Dataset entries

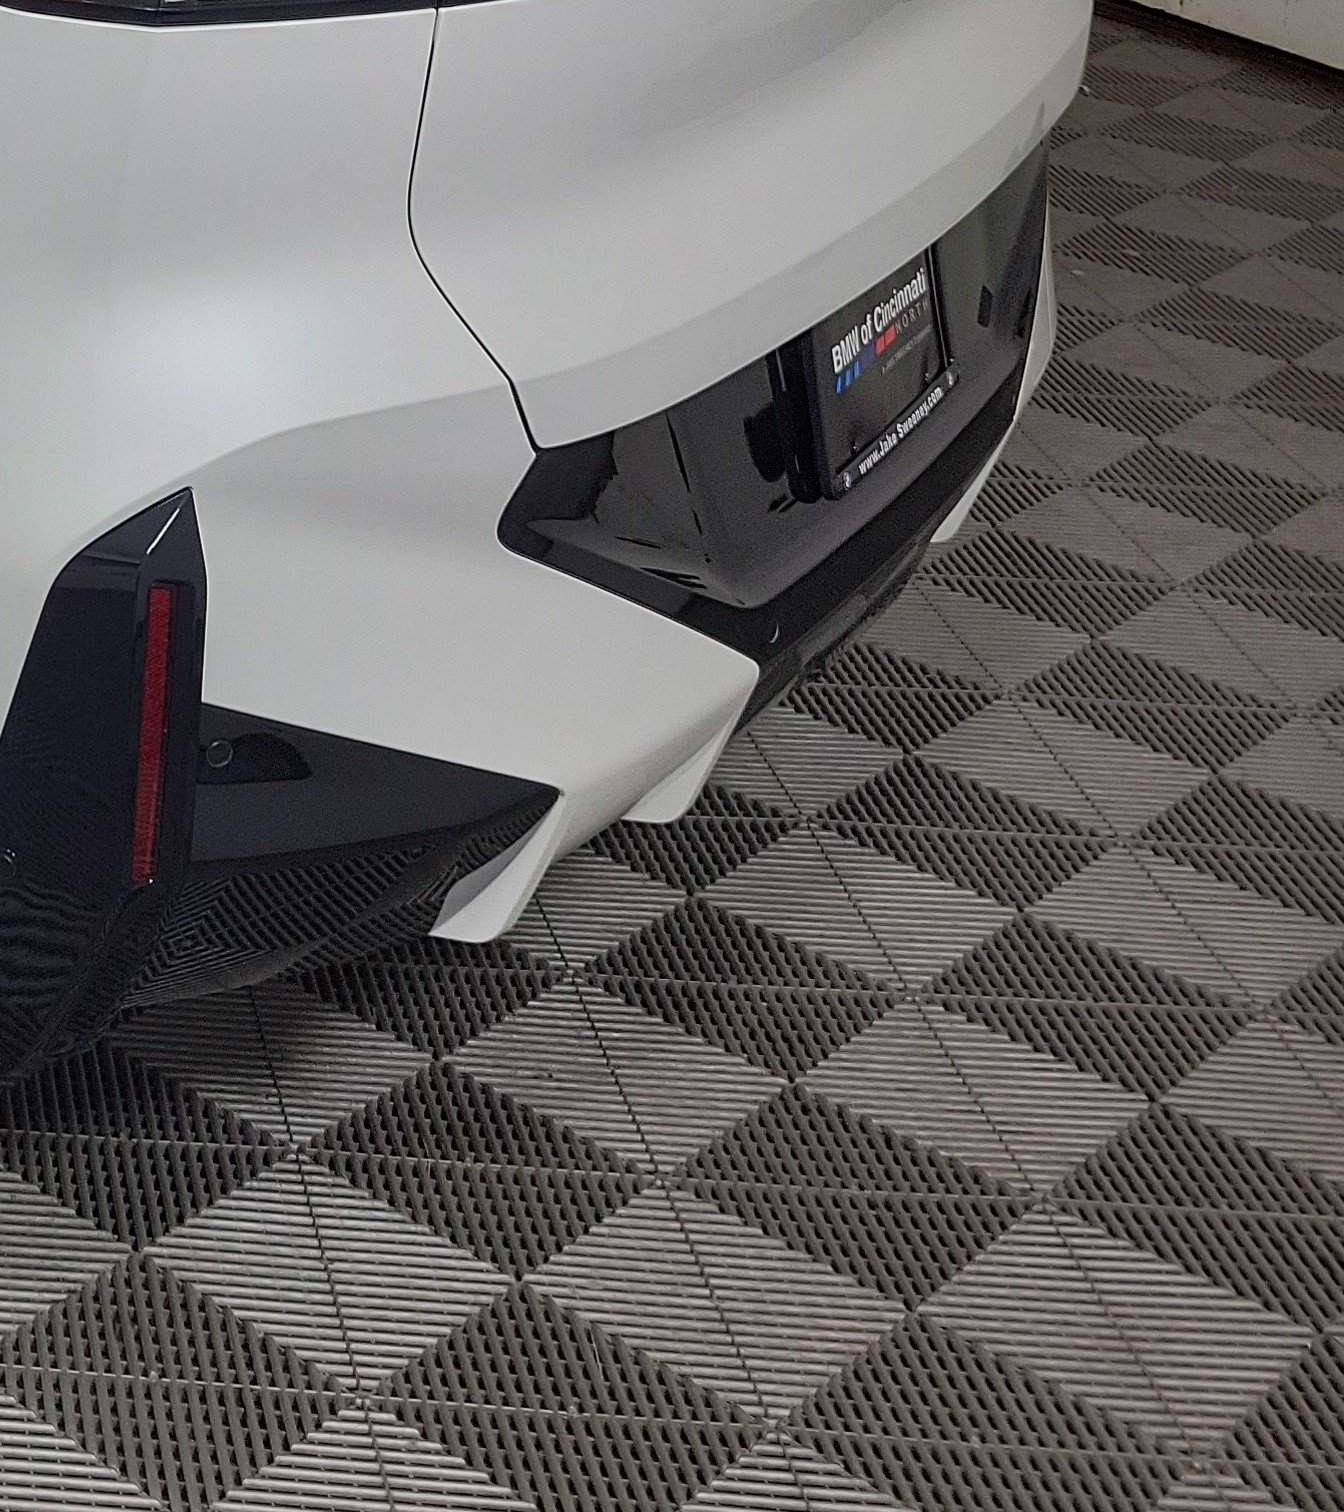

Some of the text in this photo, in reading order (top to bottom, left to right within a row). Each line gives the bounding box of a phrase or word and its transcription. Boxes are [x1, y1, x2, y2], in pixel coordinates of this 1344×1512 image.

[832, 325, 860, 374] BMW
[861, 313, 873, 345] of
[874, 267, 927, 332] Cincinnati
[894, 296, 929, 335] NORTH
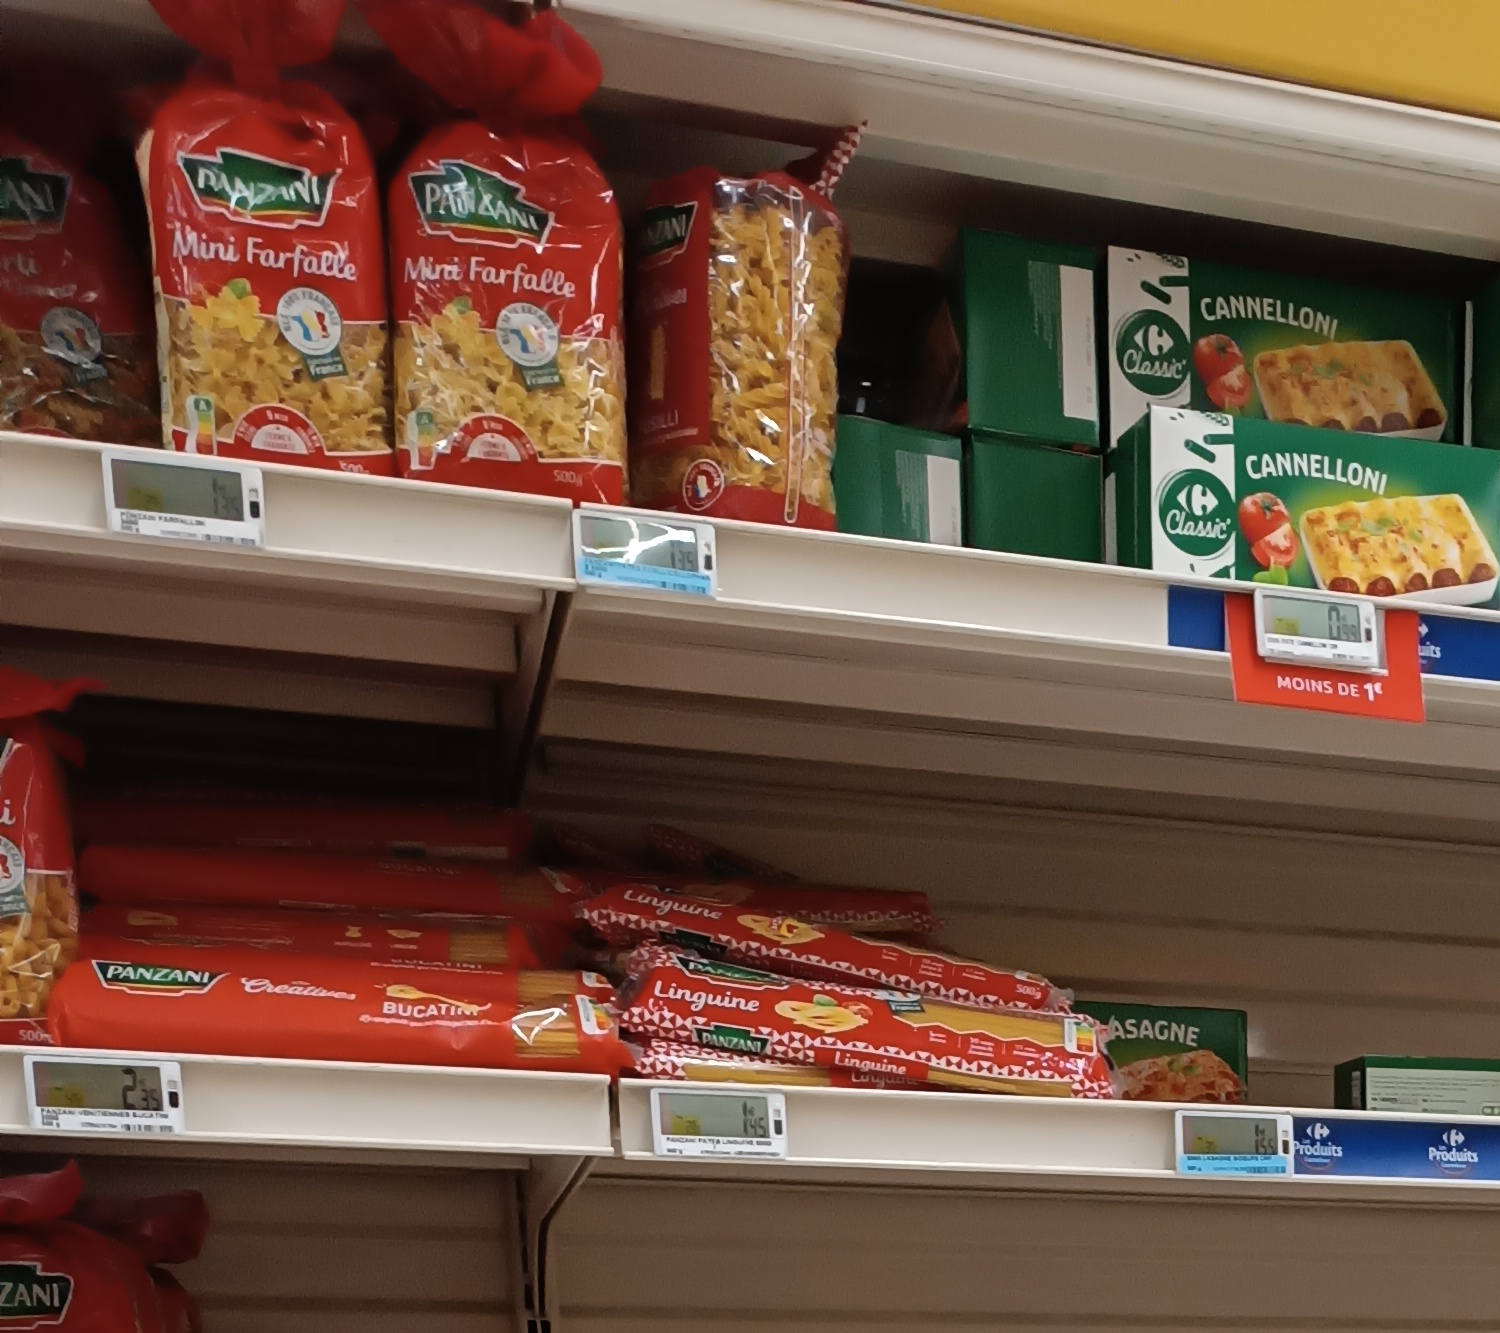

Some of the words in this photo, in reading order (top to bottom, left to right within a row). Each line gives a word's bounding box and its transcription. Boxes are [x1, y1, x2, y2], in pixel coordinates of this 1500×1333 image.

## Problem to solve
Each entry must be reproduced word for word, and any image among them left out.

## Answer for this exercise
Some of the text in this photo, in reading order (top to bottom, left to right within a row). Each line gives the bounding box of a phrase or word and its transcription. Boxes are [x1, y1, x2, y2], in pixel coordinates of this 1344×1512 image.

[832, 325, 860, 374] BMW
[861, 313, 873, 345] of
[874, 267, 927, 332] Cincinnati
[894, 296, 929, 335] NORTH

Some of the words in this photo, in reading order (top to bottom, left to right within a row). Each line gives a word's bounding box and its transcription. Boxes are [x1, y1, x2, y2], in pixel coordinates of this 1500×1333 image.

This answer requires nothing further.